PAI-1 and HER2 interaction in advanced breast cancer disease: evidence for added benefit from trastuzumab in HER2-negative patients.

Abstract

The urokinase plasminogen activator (uPA) and the plasminogen activator inhibitor 1 (PAI-1) are associated with an aggressive course in breast cancer and are used to determine whether chemotherapy is needed in node-negative patients. The objective of the study was to evaluate the prognostic value of uPA and PAI-1 protein expression in advanced breast cancer patients treated with trastuzumab.
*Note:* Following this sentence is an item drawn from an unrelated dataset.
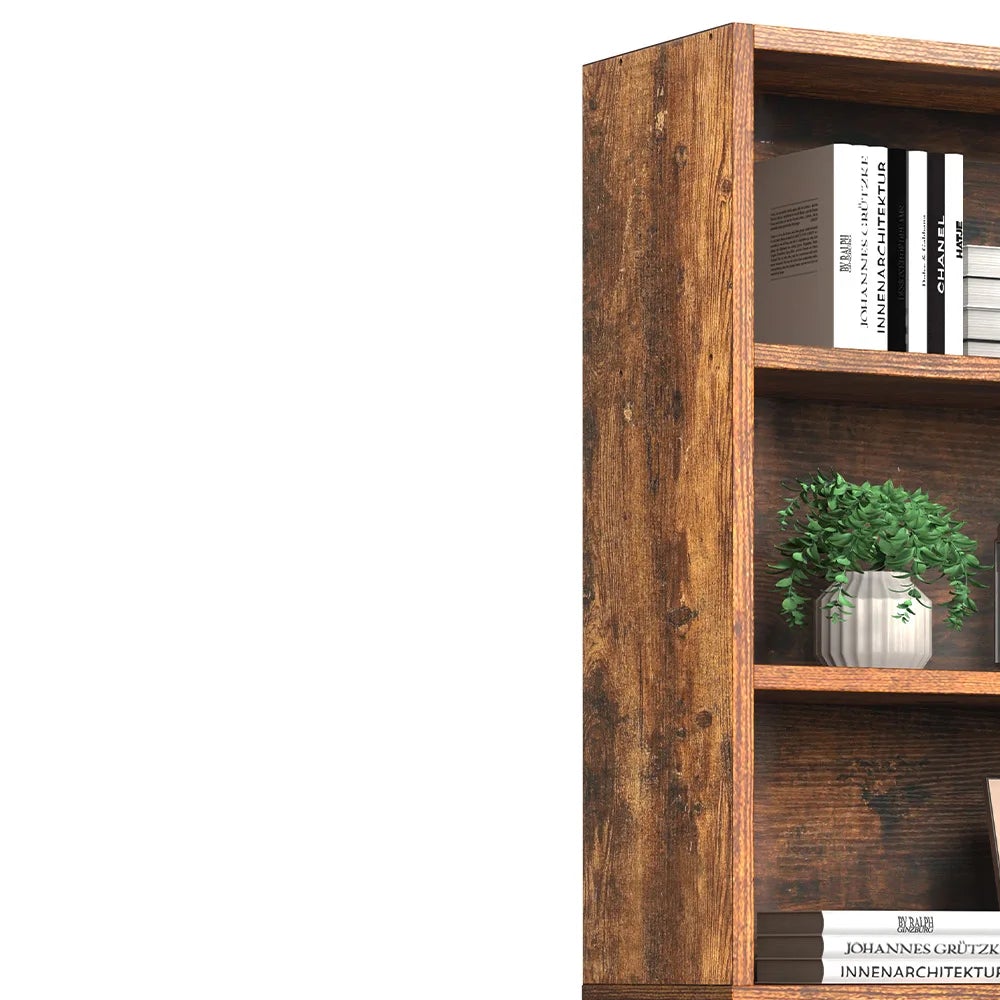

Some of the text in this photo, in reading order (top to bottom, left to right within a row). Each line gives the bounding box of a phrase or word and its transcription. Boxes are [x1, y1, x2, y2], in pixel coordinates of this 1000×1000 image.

Formalin-fixed paraffin-embedded tumor tissue samples were retrospectively collected from 230 patients with advanced breast cancer treated with trastuzumab and 130 patients treated with 1st line taxanes. uPA, PAI-1, ER, PgR, HER2 and Ki67 protein expression was evaluated by immunohistochemistry. Central review of HER2 status revealed that only 144 (63%) of the trastuzumab-treated patients were truly HER2-positive. Median survival was 50.7months for the HER2-positive and 30.1months for the HER2-negative patients (p=0.006) treated with trastuzumab. In multivariate Cox regression analysis of the trastuzumab cohort, a significant interaction was found, in terms of survival, between HER2 status and PAI-1 protein expression in the stroma (Wald's p=0.002). Positive PAI-1 protein expression in the stroma of HER2-negative patients was associated with lower risk of death (HR 0.35, 95% CI 0.19-0.65, Wald's p=0.0008). Such an association was not observed in HER2-positive patients treated with trastuzumab or in the non-trastuzumab (validation) cohorts. Our results suggest that positive stromal PAI-1 protein expression may identify a subgroup of HER2-negative advanced breast cancer patients who might benefit from treatment with trastuzumab. Further studies are warranted to validate these findings in larger cohorts.